An exact copy of every entry is required, without the pictures.

Stored data entries
◇ ◇ ◇ ◇ ◇ ◇ ◇
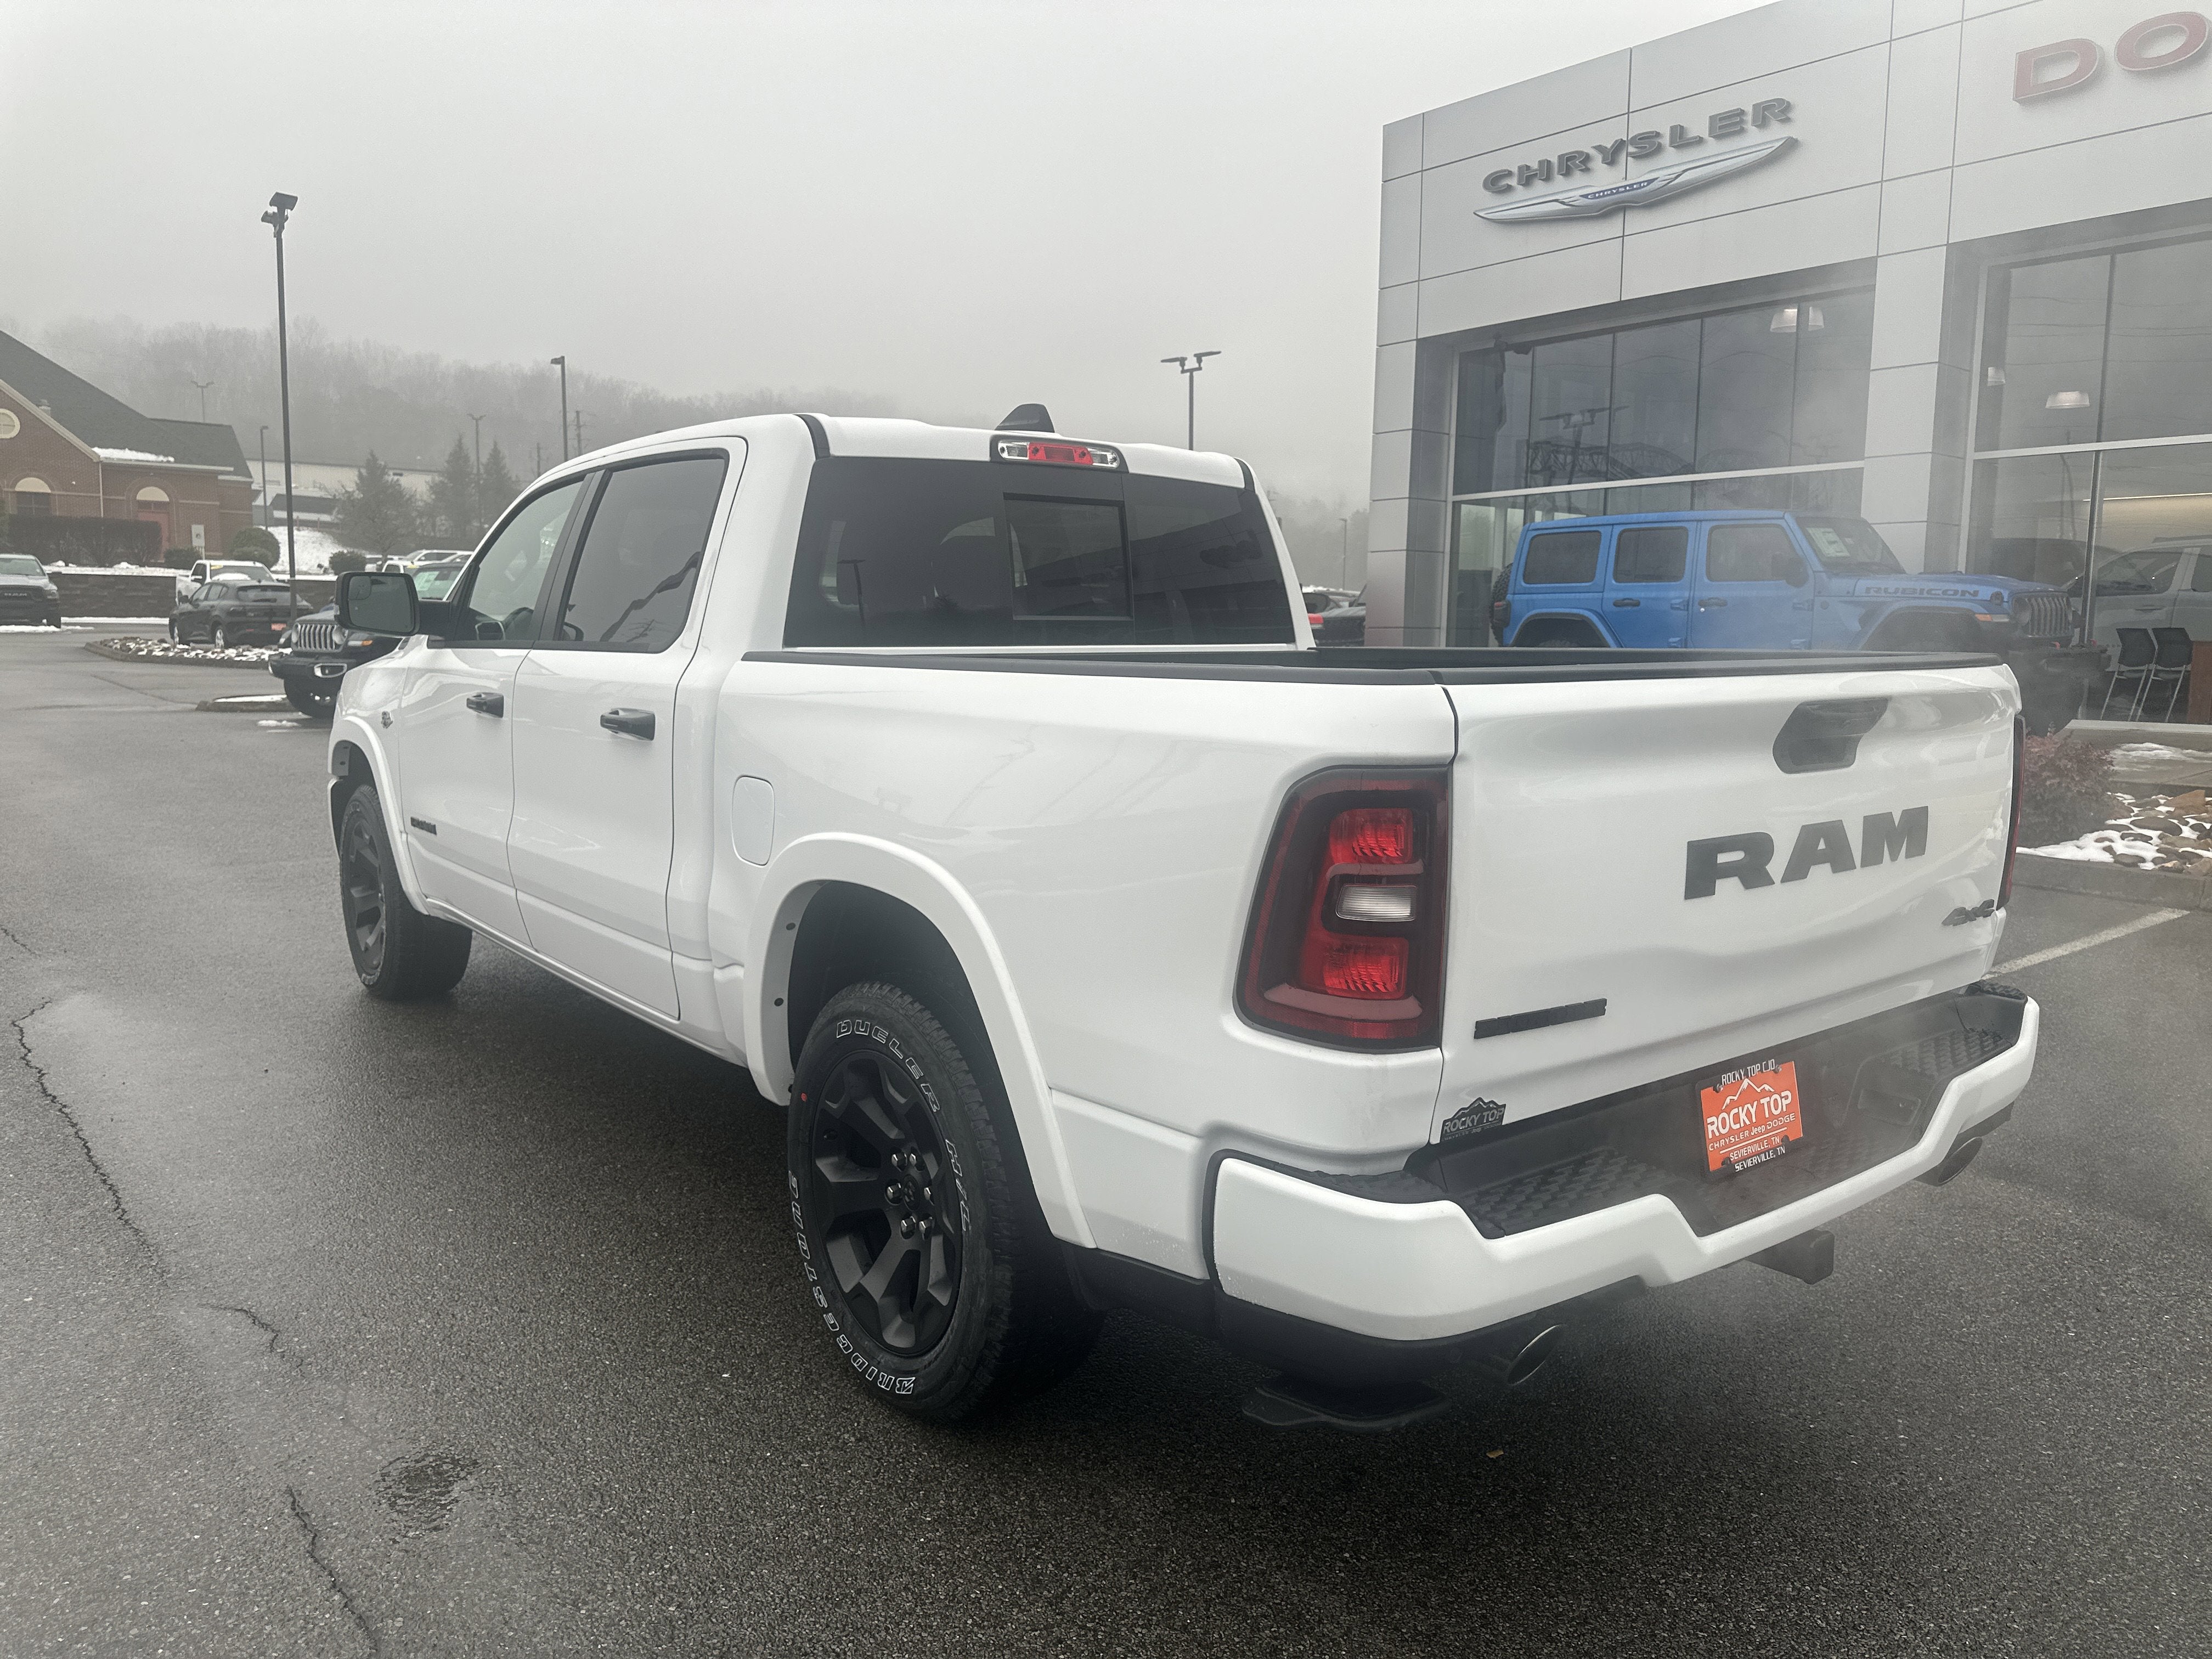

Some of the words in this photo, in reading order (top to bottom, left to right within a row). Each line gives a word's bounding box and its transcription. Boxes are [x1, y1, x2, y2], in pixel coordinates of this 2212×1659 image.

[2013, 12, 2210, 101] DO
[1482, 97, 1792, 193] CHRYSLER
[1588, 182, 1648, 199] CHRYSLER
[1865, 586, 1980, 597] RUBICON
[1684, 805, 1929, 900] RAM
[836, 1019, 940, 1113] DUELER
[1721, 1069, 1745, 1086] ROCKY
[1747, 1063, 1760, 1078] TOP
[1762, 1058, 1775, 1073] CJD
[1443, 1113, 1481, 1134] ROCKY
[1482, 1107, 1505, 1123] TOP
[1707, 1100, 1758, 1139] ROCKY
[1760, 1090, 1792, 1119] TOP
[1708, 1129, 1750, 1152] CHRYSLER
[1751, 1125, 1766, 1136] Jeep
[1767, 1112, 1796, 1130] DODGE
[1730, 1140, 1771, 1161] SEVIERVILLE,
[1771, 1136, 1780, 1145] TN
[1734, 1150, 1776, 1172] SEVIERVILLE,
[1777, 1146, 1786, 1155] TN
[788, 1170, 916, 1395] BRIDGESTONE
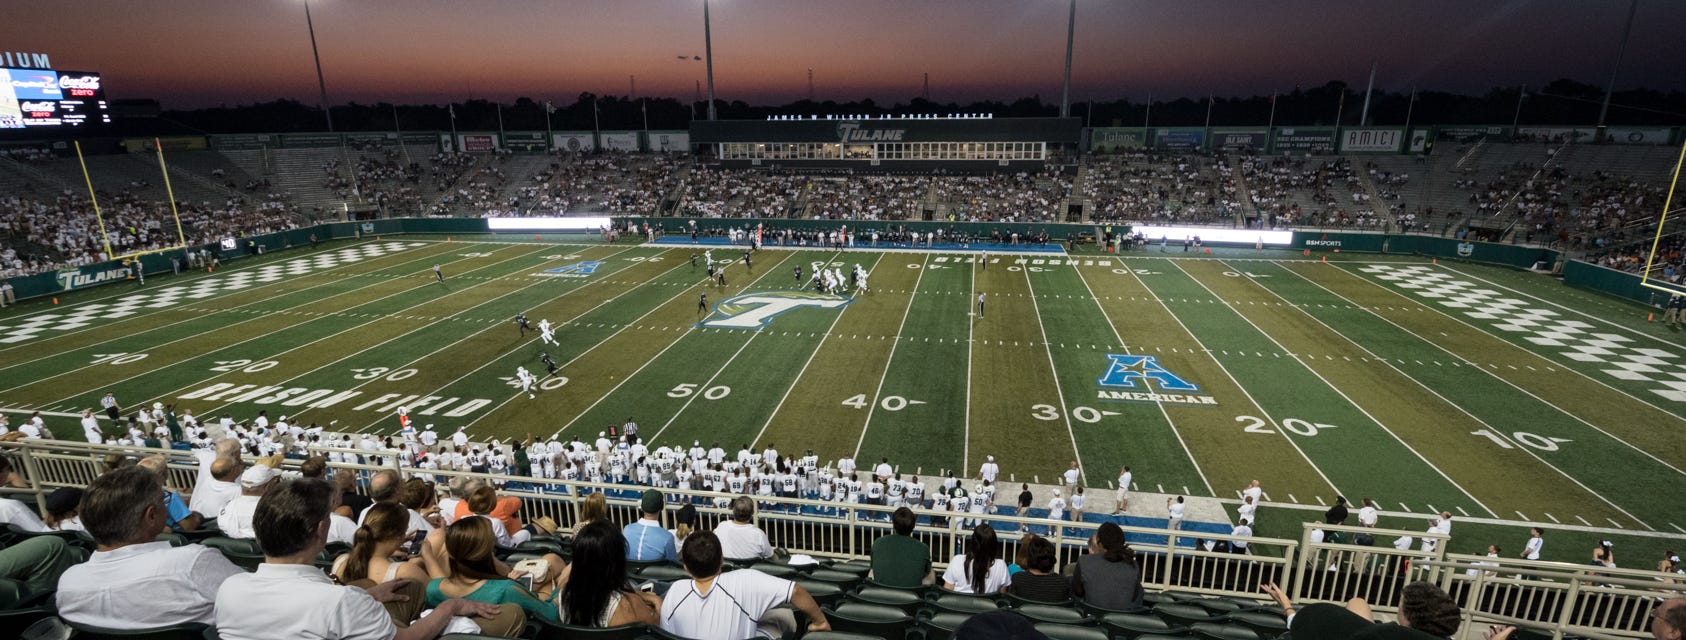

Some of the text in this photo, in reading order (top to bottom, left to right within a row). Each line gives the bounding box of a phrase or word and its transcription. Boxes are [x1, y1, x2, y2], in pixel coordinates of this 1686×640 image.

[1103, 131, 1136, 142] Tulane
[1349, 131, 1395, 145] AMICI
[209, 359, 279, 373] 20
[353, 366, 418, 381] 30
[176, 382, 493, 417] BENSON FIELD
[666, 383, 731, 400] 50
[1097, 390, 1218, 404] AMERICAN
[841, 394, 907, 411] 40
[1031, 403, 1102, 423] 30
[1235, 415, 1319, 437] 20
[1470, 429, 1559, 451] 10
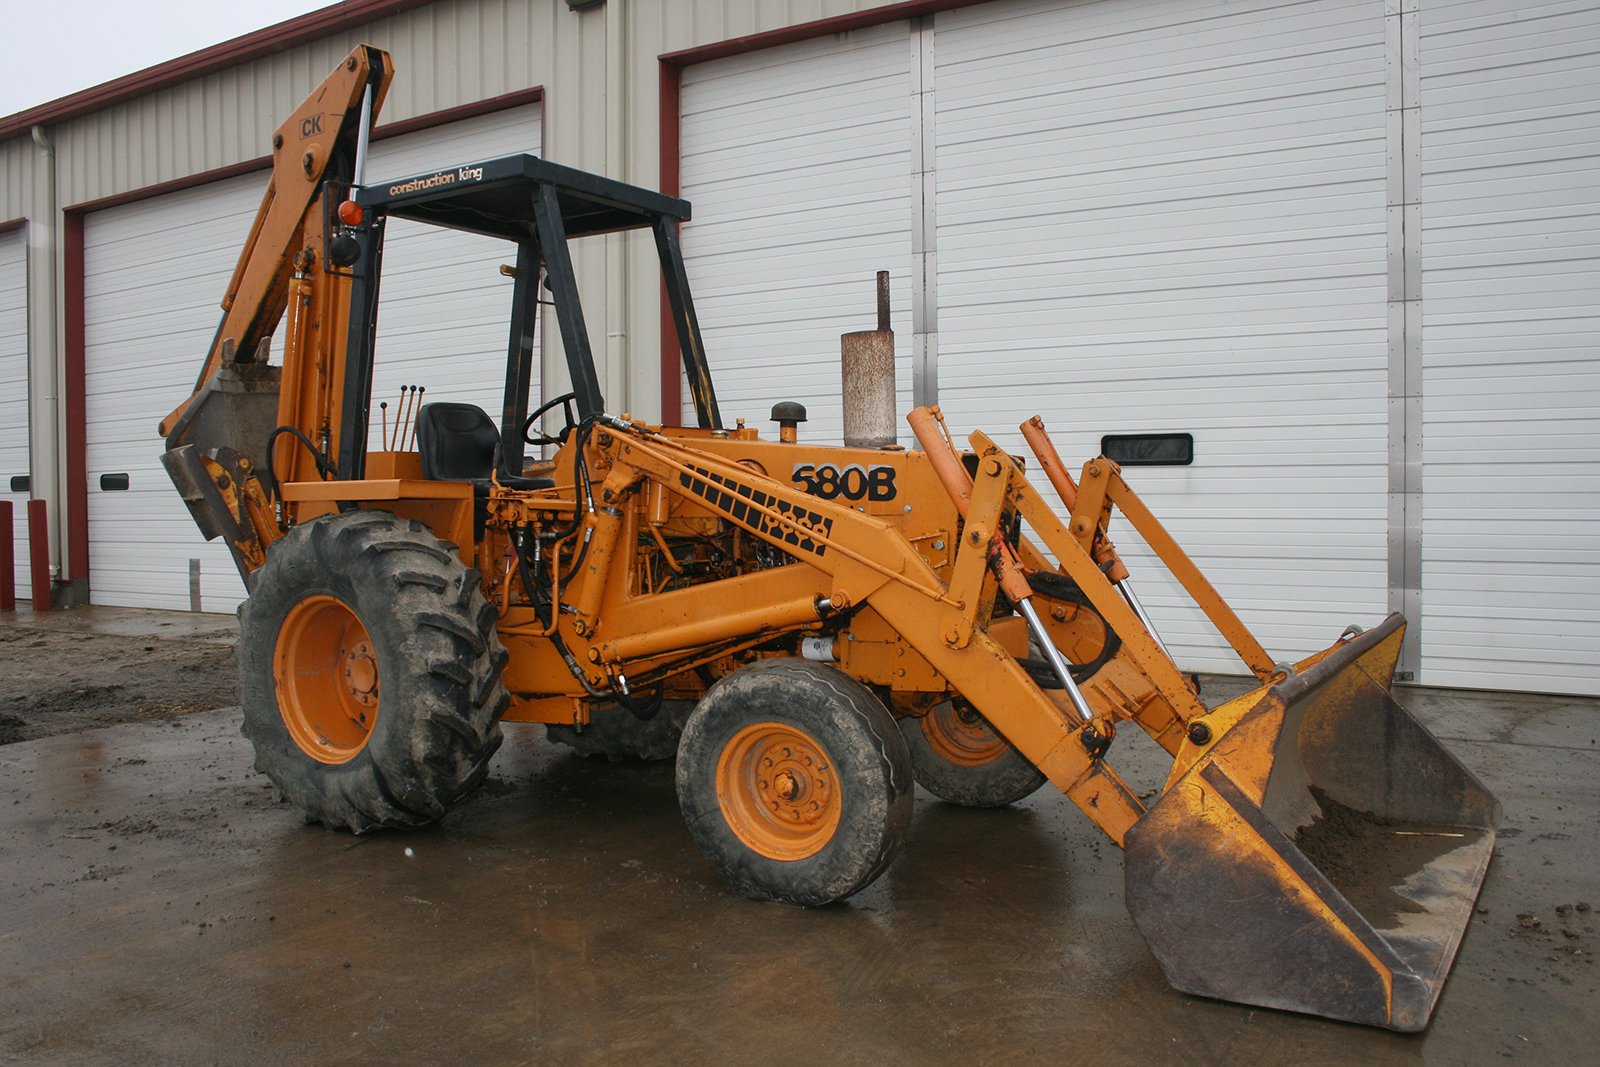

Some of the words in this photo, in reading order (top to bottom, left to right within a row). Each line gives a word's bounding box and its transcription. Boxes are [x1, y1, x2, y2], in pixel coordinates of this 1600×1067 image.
◇ ◇ ◇ ◇ ◇ ◇ ◇
_ANSWER SECTION_
Some of the words in this photo, in reading order (top to bottom, left to right within a row). Each line gives a word's bounding box and its transcription. Boxes are [x1, y1, x2, y2], in pixel coordinates of this 2212×1659 image.

[2013, 12, 2210, 101] DO
[1482, 97, 1792, 193] CHRYSLER
[1588, 182, 1648, 199] CHRYSLER
[1865, 586, 1980, 597] RUBICON
[1684, 805, 1929, 900] RAM
[836, 1019, 940, 1113] DUELER
[1721, 1069, 1745, 1086] ROCKY
[1747, 1063, 1760, 1078] TOP
[1762, 1058, 1775, 1073] CJD
[1443, 1113, 1481, 1134] ROCKY
[1482, 1107, 1505, 1123] TOP
[1707, 1100, 1758, 1139] ROCKY
[1760, 1090, 1792, 1119] TOP
[1708, 1129, 1750, 1152] CHRYSLER
[1751, 1125, 1766, 1136] Jeep
[1767, 1112, 1796, 1130] DODGE
[1730, 1140, 1771, 1161] SEVIERVILLE,
[1771, 1136, 1780, 1145] TN
[1734, 1150, 1776, 1172] SEVIERVILLE,
[1777, 1146, 1786, 1155] TN
[788, 1170, 916, 1395] BRIDGESTONE

Some of the text in this photo, in reading order (top to bottom, left to right within a row). Each line gives the bounding box of a phrase or word and its transcription. Boxes are [x1, y1, x2, y2], in pixel coordinates of this 1686×640 image.

[1103, 131, 1136, 142] Tulane
[1349, 131, 1395, 145] AMICI
[209, 359, 279, 373] 20
[353, 366, 418, 381] 30
[176, 382, 493, 417] BENSON FIELD
[666, 383, 731, 400] 50
[1097, 390, 1218, 404] AMERICAN
[841, 394, 907, 411] 40
[1031, 403, 1102, 423] 30
[1235, 415, 1319, 437] 20
[1470, 429, 1559, 451] 10

Some of the words in this photo, in reading order (top to bottom, left to right within a row). Each line gives a word's bounding box and its transcription. Boxes are [x1, y1, x2, y2], in pixel coordinates of this 1600×1067 image.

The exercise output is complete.